§ **Available data**
━━━

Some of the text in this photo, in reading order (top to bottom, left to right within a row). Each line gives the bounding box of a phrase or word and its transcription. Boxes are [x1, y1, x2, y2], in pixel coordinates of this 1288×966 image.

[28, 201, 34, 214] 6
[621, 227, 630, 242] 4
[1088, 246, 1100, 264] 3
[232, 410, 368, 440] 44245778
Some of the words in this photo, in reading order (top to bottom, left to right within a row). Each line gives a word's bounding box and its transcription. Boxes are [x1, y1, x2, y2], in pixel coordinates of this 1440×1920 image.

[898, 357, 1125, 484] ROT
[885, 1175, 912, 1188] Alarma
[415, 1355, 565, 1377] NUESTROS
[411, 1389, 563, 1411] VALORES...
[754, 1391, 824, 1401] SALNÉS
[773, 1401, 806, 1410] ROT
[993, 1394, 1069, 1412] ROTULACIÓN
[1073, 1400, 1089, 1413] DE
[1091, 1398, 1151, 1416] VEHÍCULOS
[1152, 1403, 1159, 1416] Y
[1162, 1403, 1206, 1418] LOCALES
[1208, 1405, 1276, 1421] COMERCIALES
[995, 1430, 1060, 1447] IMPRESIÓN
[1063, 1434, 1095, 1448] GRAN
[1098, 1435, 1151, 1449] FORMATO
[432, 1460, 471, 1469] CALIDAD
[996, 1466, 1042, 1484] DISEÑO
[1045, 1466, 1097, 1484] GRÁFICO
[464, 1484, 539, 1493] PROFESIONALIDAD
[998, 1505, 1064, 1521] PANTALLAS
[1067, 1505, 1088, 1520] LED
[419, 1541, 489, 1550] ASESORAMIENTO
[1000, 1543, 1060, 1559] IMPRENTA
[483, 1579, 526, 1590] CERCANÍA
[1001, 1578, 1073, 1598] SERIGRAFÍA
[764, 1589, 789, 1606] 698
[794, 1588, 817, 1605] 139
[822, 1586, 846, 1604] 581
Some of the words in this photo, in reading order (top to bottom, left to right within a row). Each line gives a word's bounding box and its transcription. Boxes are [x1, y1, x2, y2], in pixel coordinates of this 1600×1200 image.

━━━

Once the line containing "this 1440×1920 image." is found, please retype it and every remaining line of the listing above, exactly, with nothing else.

Some of the words in this photo, in reading order (top to bottom, left to right within a row). Each line gives a word's bounding box and its transcription. Boxes are [x1, y1, x2, y2], in pixel coordinates of this 1440×1920 image.

[898, 357, 1125, 484] ROT
[885, 1175, 912, 1188] Alarma
[415, 1355, 565, 1377] NUESTROS
[411, 1389, 563, 1411] VALORES...
[754, 1391, 824, 1401] SALNÉS
[773, 1401, 806, 1410] ROT
[993, 1394, 1069, 1412] ROTULACIÓN
[1073, 1400, 1089, 1413] DE
[1091, 1398, 1151, 1416] VEHÍCULOS
[1152, 1403, 1159, 1416] Y
[1162, 1403, 1206, 1418] LOCALES
[1208, 1405, 1276, 1421] COMERCIALES
[995, 1430, 1060, 1447] IMPRESIÓN
[1063, 1434, 1095, 1448] GRAN
[1098, 1435, 1151, 1449] FORMATO
[432, 1460, 471, 1469] CALIDAD
[996, 1466, 1042, 1484] DISEÑO
[1045, 1466, 1097, 1484] GRÁFICO
[464, 1484, 539, 1493] PROFESIONALIDAD
[998, 1505, 1064, 1521] PANTALLAS
[1067, 1505, 1088, 1520] LED
[419, 1541, 489, 1550] ASESORAMIENTO
[1000, 1543, 1060, 1559] IMPRENTA
[483, 1579, 526, 1590] CERCANÍA
[1001, 1578, 1073, 1598] SERIGRAFÍA
[764, 1589, 789, 1606] 698
[794, 1588, 817, 1605] 139
[822, 1586, 846, 1604] 581
Some of the words in this photo, in reading order (top to bottom, left to right within a row). Each line gives a word's bounding box and its transcription. Boxes are [x1, y1, x2, y2], in pixel coordinates of this 1600×1200 image.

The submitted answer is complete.